6. The sound source localization method for fault identification of a transmission device according to claim 5, characterized in that, Based on the spatial coordinates of the sound source localization reference point and the acquisition node, a spatial distribution deviation coefficient is obtained. Based on this coefficient, spatially abnormal reference points are marked, including: Collect data from nodes designed for harsh working conditions to construct three-dimensional spatial calibration coordinates; Calculate the spatial distance deviation between the sound source localization reference point and each acquisition node; The spatial distance deviation is compared with the preset spatial threshold, and the spatial distribution deviation coefficient is obtained based on the spatial distance deviation and the spatial threshold. The sound source localization reference point corresponding to the spatial distribution deviation coefficient is marked as the spatial anomaly reference point.

7. The sound source localization method for fault identification of a transmission device according to claim 6, characterized in that, The signal transmission distance is obtained based on the abnormal reference point of the fault sound source and the preset positioning correction node, including: The first moment when the abnormal reference point of the fault sound source sends the positioning correction signal is obtained, and the second moment when the positioning correction node receives the positioning correction signal is obtained. The signal transmission duration is obtained based on the first and second time points; The signal transmission distance is obtained by combining the ambient temperature-compensated sound velocity, the signal transmission time, and the compensated sound velocity.

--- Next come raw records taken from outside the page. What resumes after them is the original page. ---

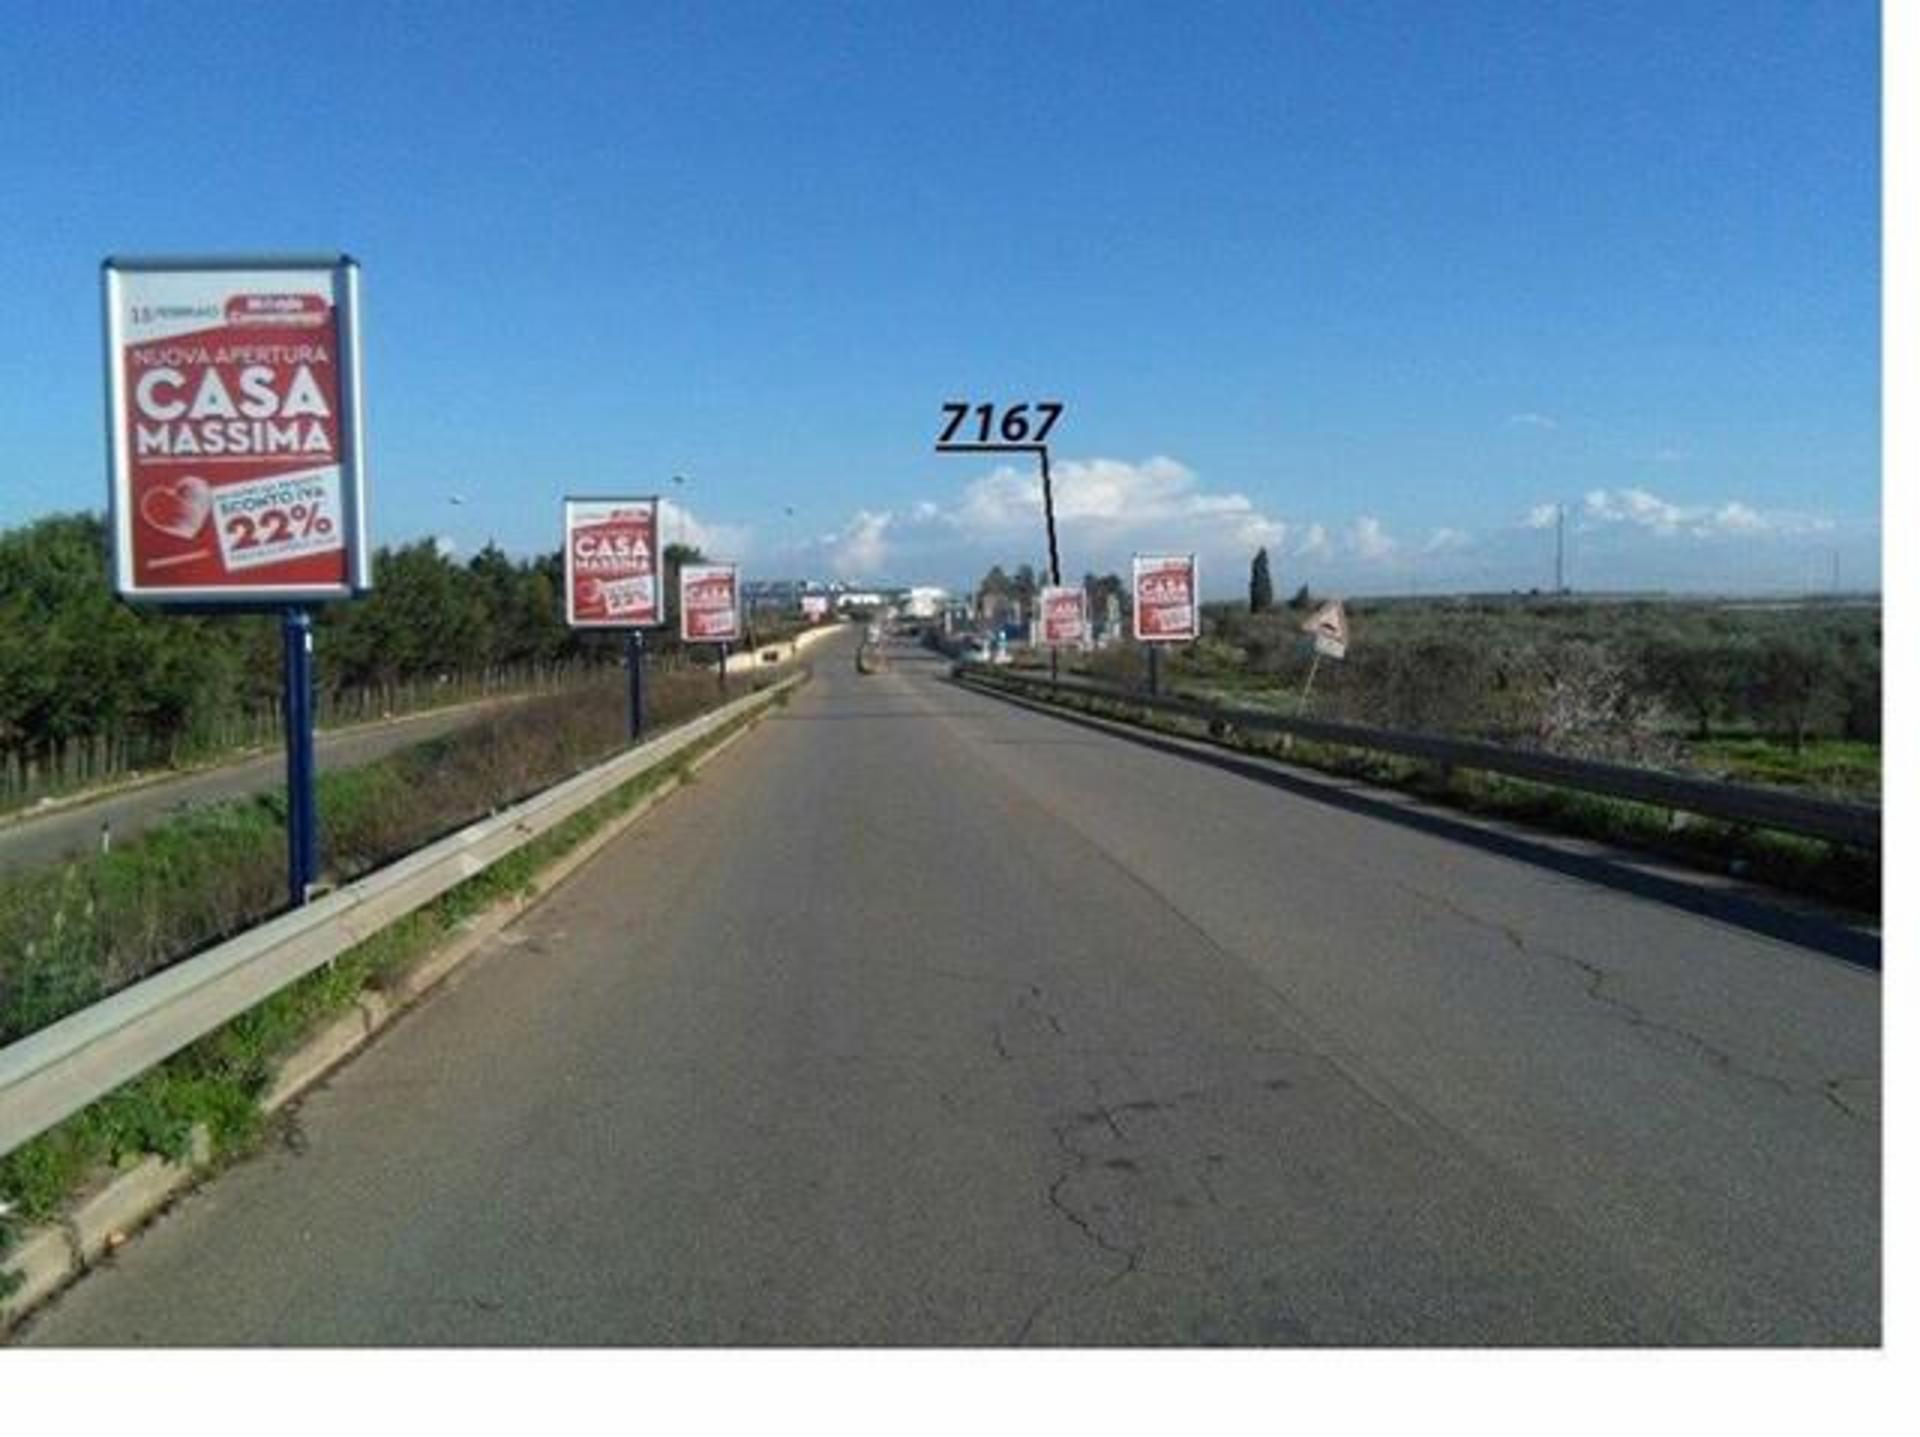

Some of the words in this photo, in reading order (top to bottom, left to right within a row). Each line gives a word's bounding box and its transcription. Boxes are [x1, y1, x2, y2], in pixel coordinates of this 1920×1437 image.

[134, 347, 211, 365] NUOVA
[215, 346, 329, 364] APERTURA
[136, 366, 330, 420] CASA
[137, 421, 331, 454] MASSIMA
[226, 503, 332, 551] 22%
[576, 537, 649, 557] CASA

8. The sound source localization method for fault identification of a transmission device according to claim 7, characterized in that, The correction priority of the abnormal reference point of the fault sound source is obtained based on the positioning correction intensity and signal transmission distance, including: Preset correction strength weights and transmission distance weights; The positioning correction coefficient is obtained based on the positioning correction strength and the correction strength weight. The spatial distance coefficient is obtained based on the signal transmission distance and the transmission distance weight. A comprehensive correction coefficient is obtained based on the positioning correction coefficient and the spatial distance coefficient, and the correction priority is set from high to low based on the comprehensive correction coefficient.

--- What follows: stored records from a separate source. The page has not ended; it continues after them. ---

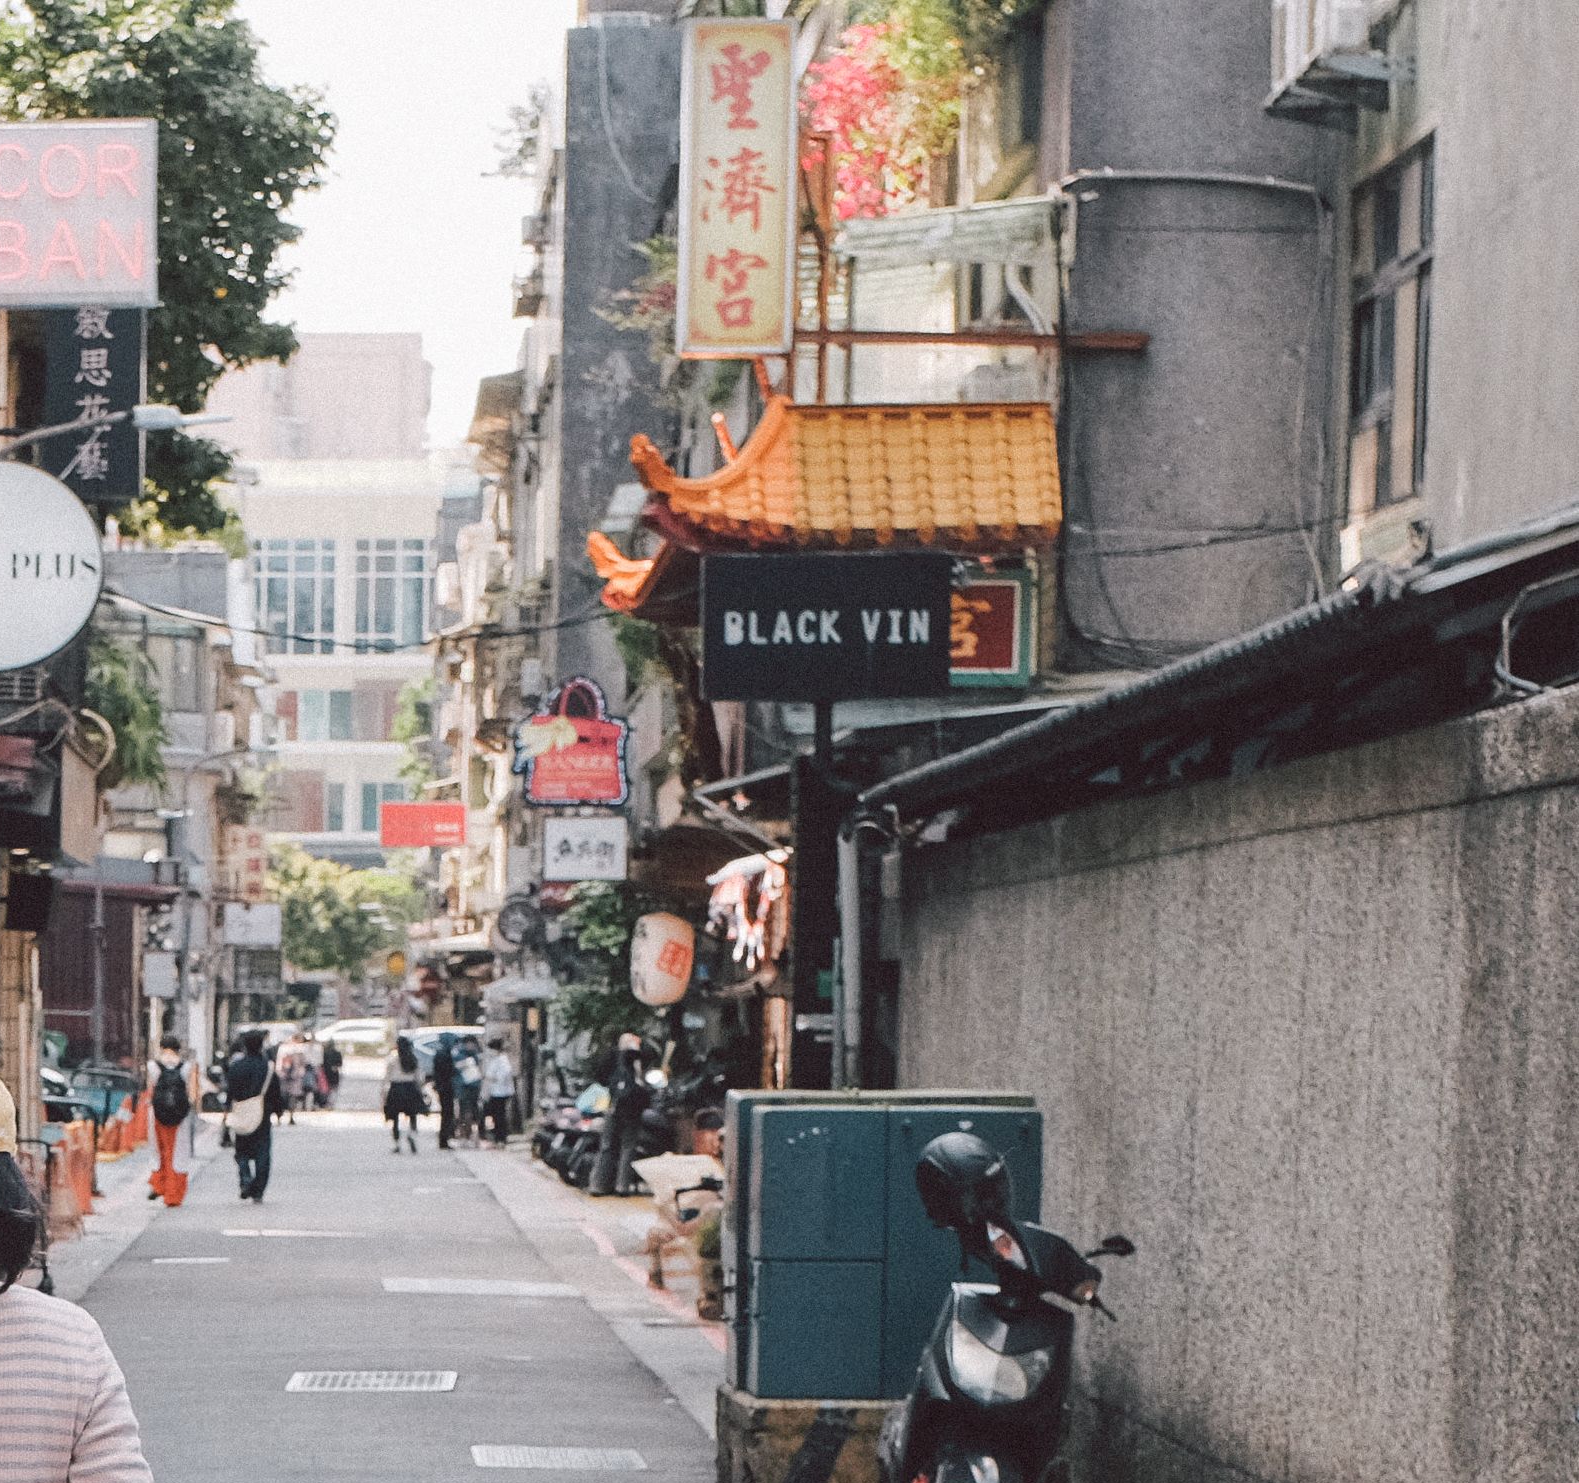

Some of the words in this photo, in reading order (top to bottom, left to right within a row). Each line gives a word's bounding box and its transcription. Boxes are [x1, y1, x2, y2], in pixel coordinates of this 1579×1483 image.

[701, 44, 778, 329] 聖濟宮
[11, 549, 99, 579] PLUS
[723, 609, 840, 646] BLACK
[861, 609, 931, 645] VIN
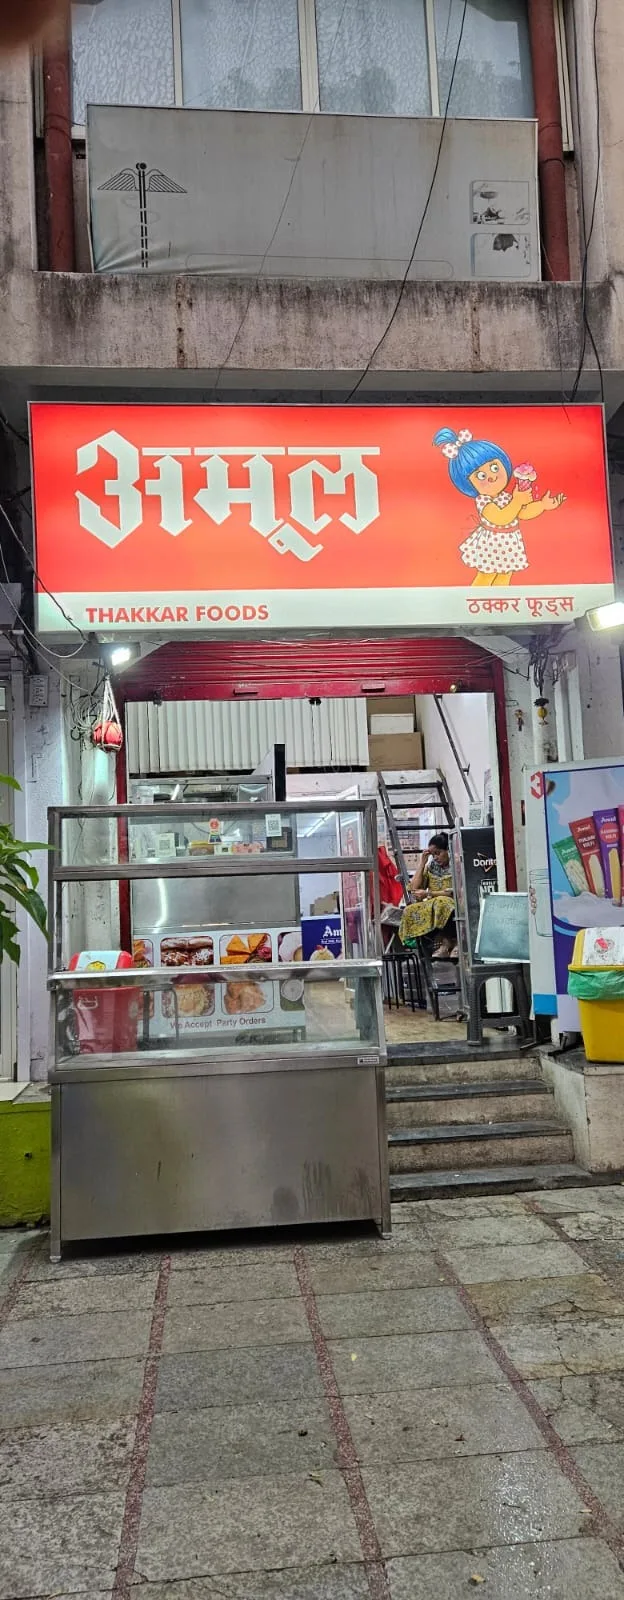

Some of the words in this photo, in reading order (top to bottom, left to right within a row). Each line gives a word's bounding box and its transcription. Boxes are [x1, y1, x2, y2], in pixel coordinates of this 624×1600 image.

[75, 430, 380, 562] अमूल
[86, 607, 189, 623] THAKKAR
[195, 605, 269, 621] FOODS
[466, 598, 521, 613] ठक्कर
[525, 597, 574, 617] फूड्स
[323, 925, 342, 938] Am
[184, 1020, 212, 1030] Accept
[216, 1018, 237, 1028] Party
[239, 1016, 267, 1026] Orders

9. The sound source localization method for fault identification of a transmission device according to claim 8, characterized in that, The 3D positioning calibration results are mapped to the 3D model of the transmission device to complete the visualization output of the fault sound source, including: Import the 3D model of the transmission device; Map the fault coordinates in the 3D positioning calibration results to the corresponding positions in the 3D model; Display the fault location and probability in the form of marked points or heat maps, and output fault location information.